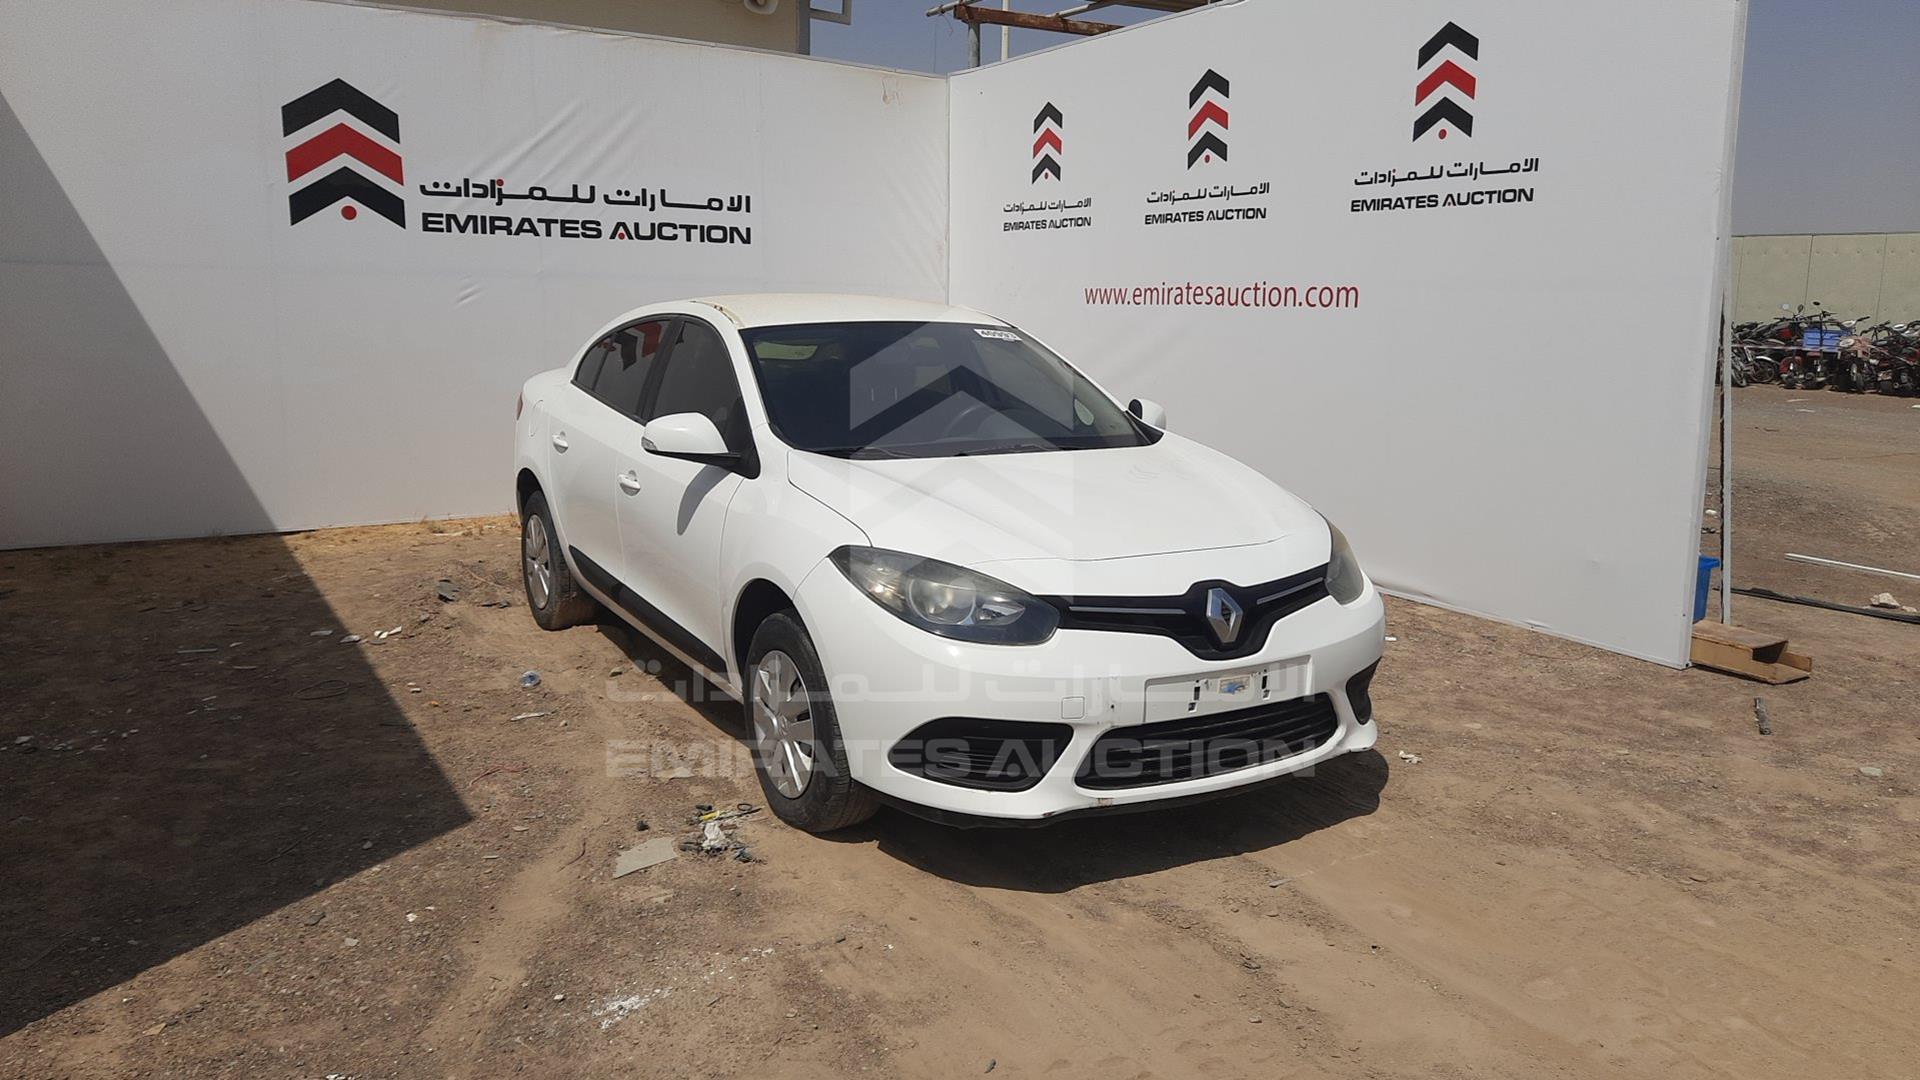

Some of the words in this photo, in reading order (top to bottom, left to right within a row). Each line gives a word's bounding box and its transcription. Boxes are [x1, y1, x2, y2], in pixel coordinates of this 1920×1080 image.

[1354, 165, 1444, 187] للمزادات
[1447, 158, 1539, 181] الامارات
[419, 178, 596, 206] للمزادات
[603, 188, 751, 213] الامارات
[1350, 194, 1439, 212] EMIRATES
[1442, 188, 1535, 207] AUCTION
[422, 211, 602, 239] EMIRATES
[609, 221, 751, 245] AUCTION
[1003, 219, 1047, 232] EMIRATES
[1048, 216, 1092, 229] AUCTION
[1145, 210, 1204, 225] EMIRATES
[1206, 207, 1267, 221] AUCTION
[1084, 281, 1360, 309] www.emiratesauction.com
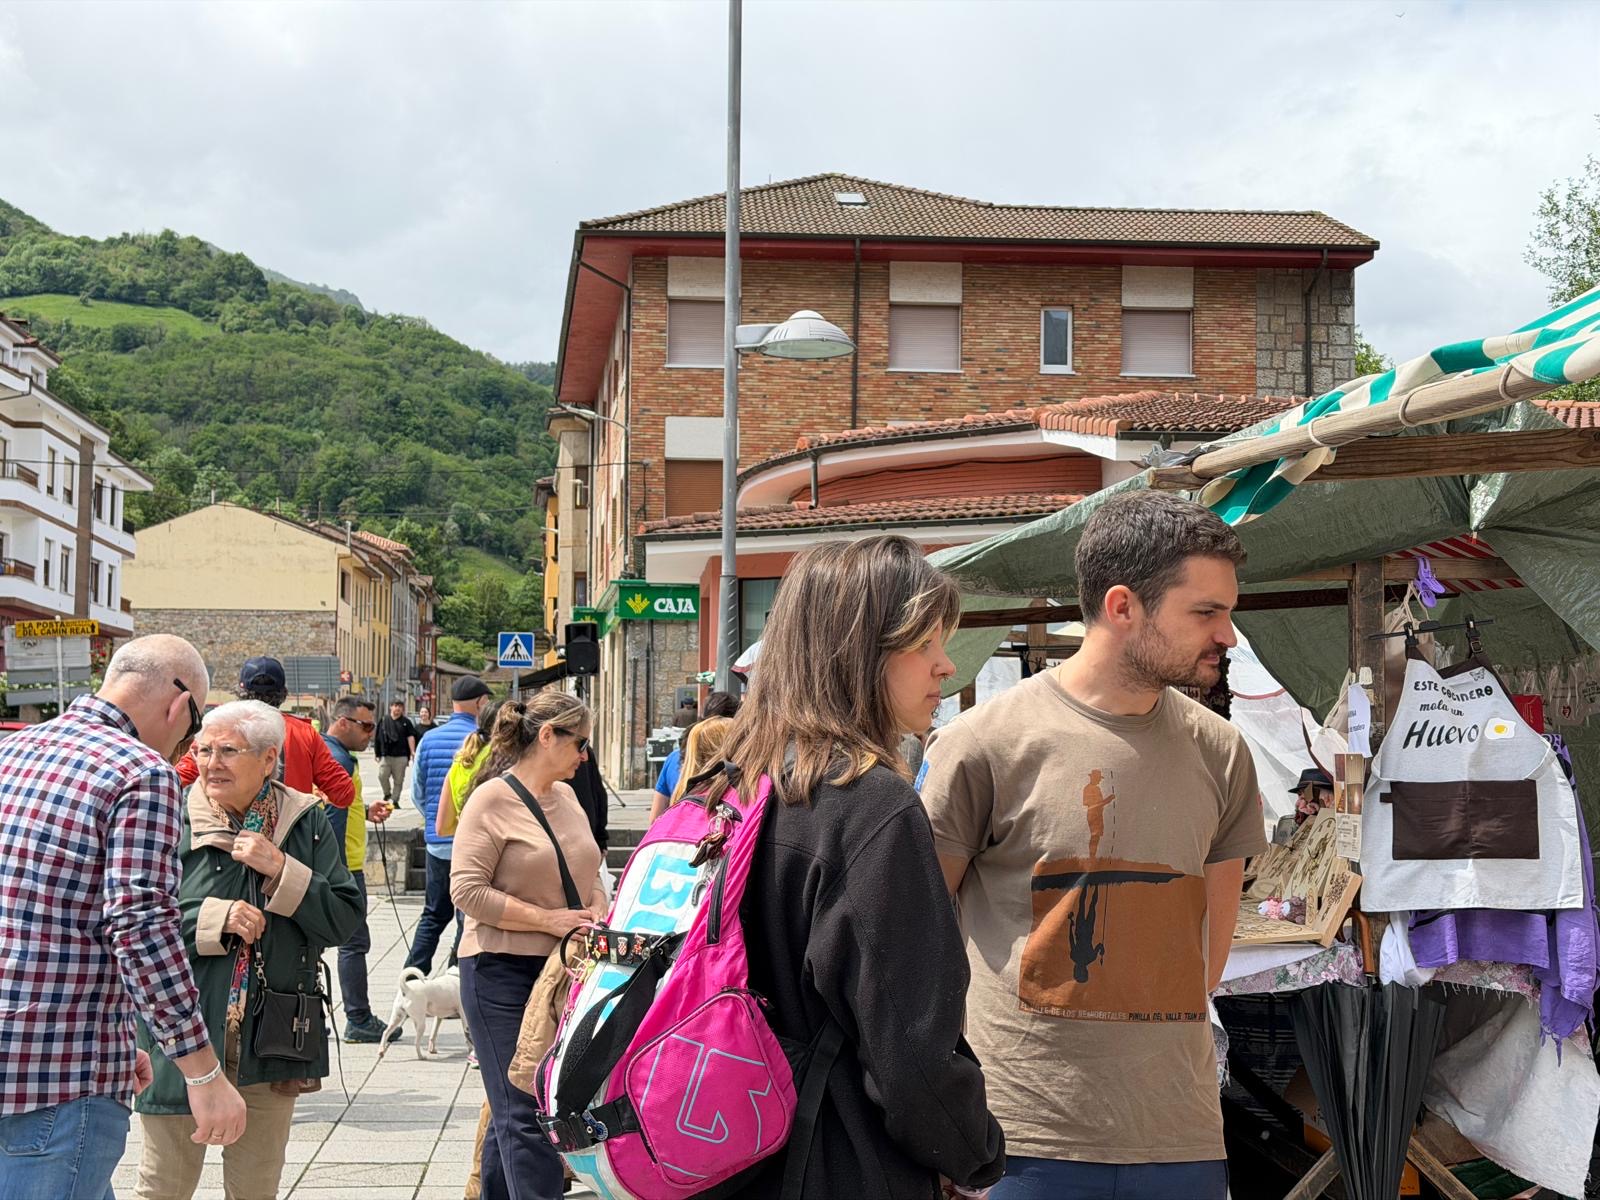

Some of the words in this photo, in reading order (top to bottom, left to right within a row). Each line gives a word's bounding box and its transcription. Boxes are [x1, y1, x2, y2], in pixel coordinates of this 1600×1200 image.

[653, 597, 696, 614] CAJA
[22, 622, 34, 630] LA
[36, 621, 66, 629] POSTA
[22, 629, 38, 637] DEL
[1413, 680, 1440, 692] ESTE
[1419, 699, 1449, 712] mola
[1451, 708, 1465, 717] un
[1402, 719, 1479, 750] Huevo
[1051, 1007, 1061, 1016] DE
[1062, 1008, 1075, 1018] LOS
[1128, 1012, 1151, 1021] PINILLA
[1152, 1012, 1163, 1021] DEL
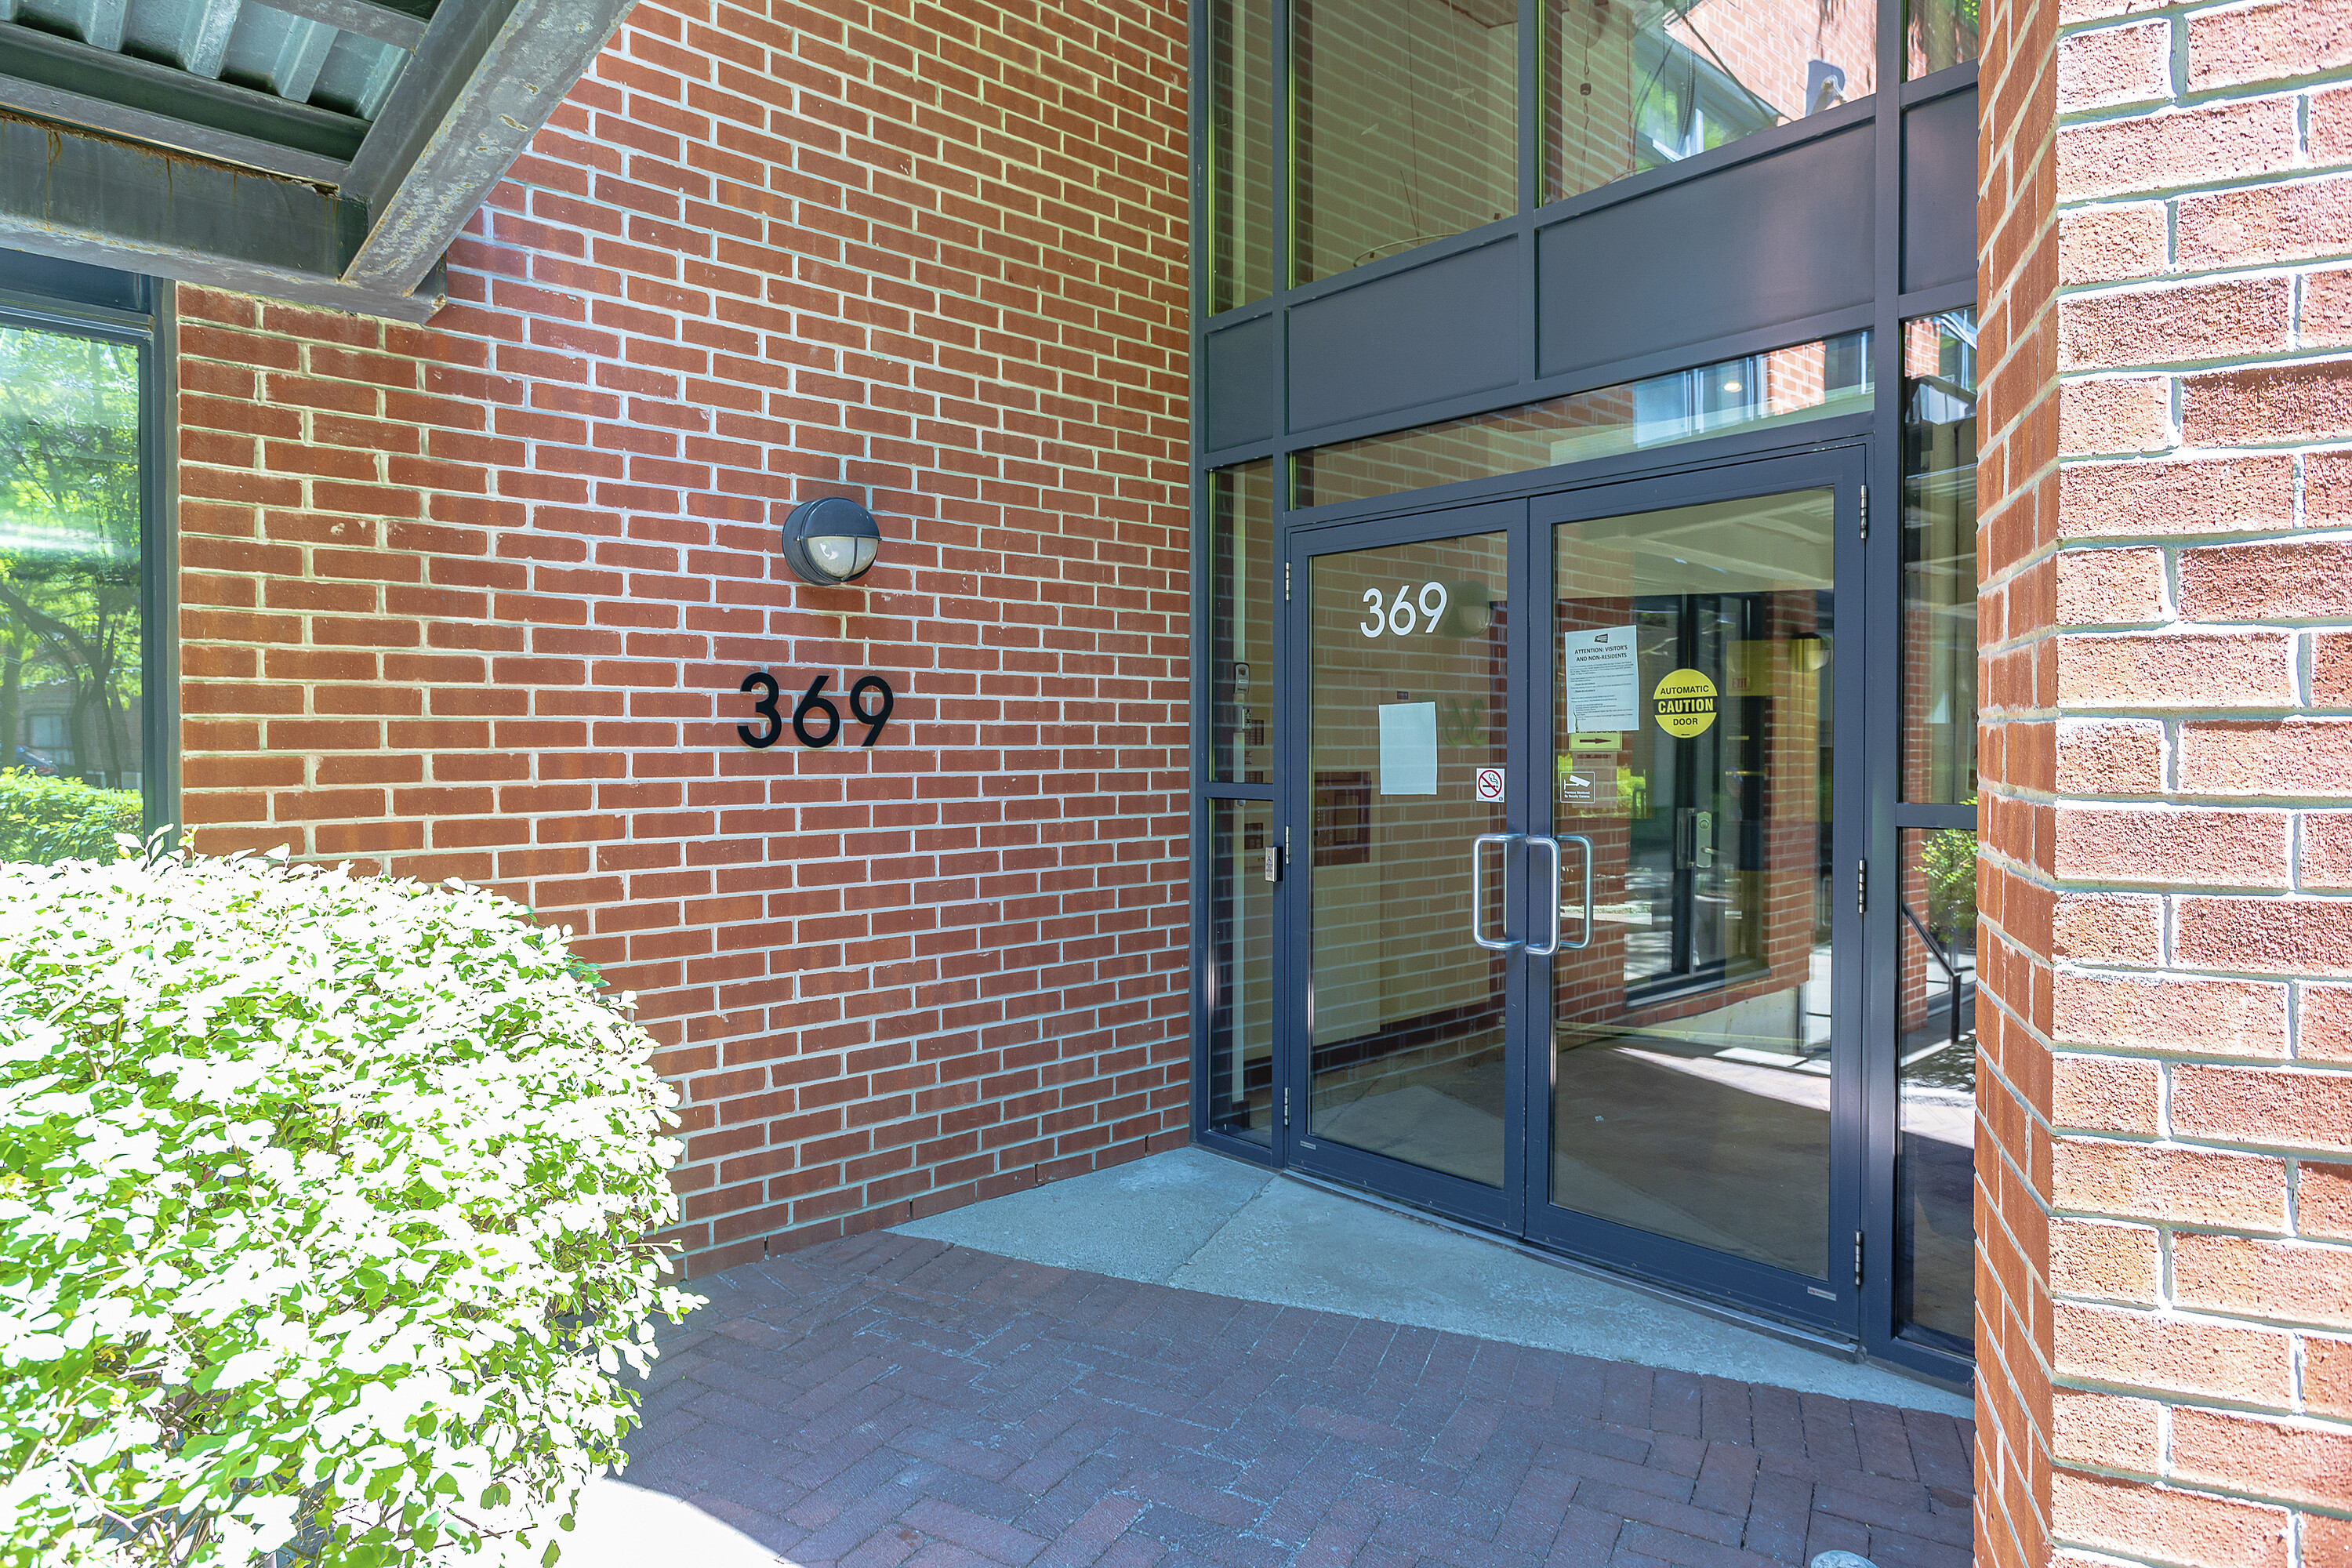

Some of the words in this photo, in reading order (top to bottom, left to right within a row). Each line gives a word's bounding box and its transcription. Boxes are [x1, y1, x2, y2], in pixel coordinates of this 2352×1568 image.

[1360, 581, 1448, 638] 369
[1588, 652, 1628, 661] NON-RESIDENTS
[1661, 684, 1709, 695] AUTOMATIC
[737, 671, 894, 749] 369
[1657, 698, 1714, 713] CAUTION
[1672, 717, 1698, 726] DOOR
---
Set down nothing but the lines from the one with "this 2352×1568 image." through the end of the records, keeping each line exactly as written and including both ends.

Some of the words in this photo, in reading order (top to bottom, left to right within a row). Each line gives a word's bounding box and its transcription. Boxes are [x1, y1, x2, y2], in pixel coordinates of this 2352×1568 image.

[1360, 581, 1448, 638] 369
[1588, 652, 1628, 661] NON-RESIDENTS
[1661, 684, 1709, 695] AUTOMATIC
[737, 671, 894, 749] 369
[1657, 698, 1714, 713] CAUTION
[1672, 717, 1698, 726] DOOR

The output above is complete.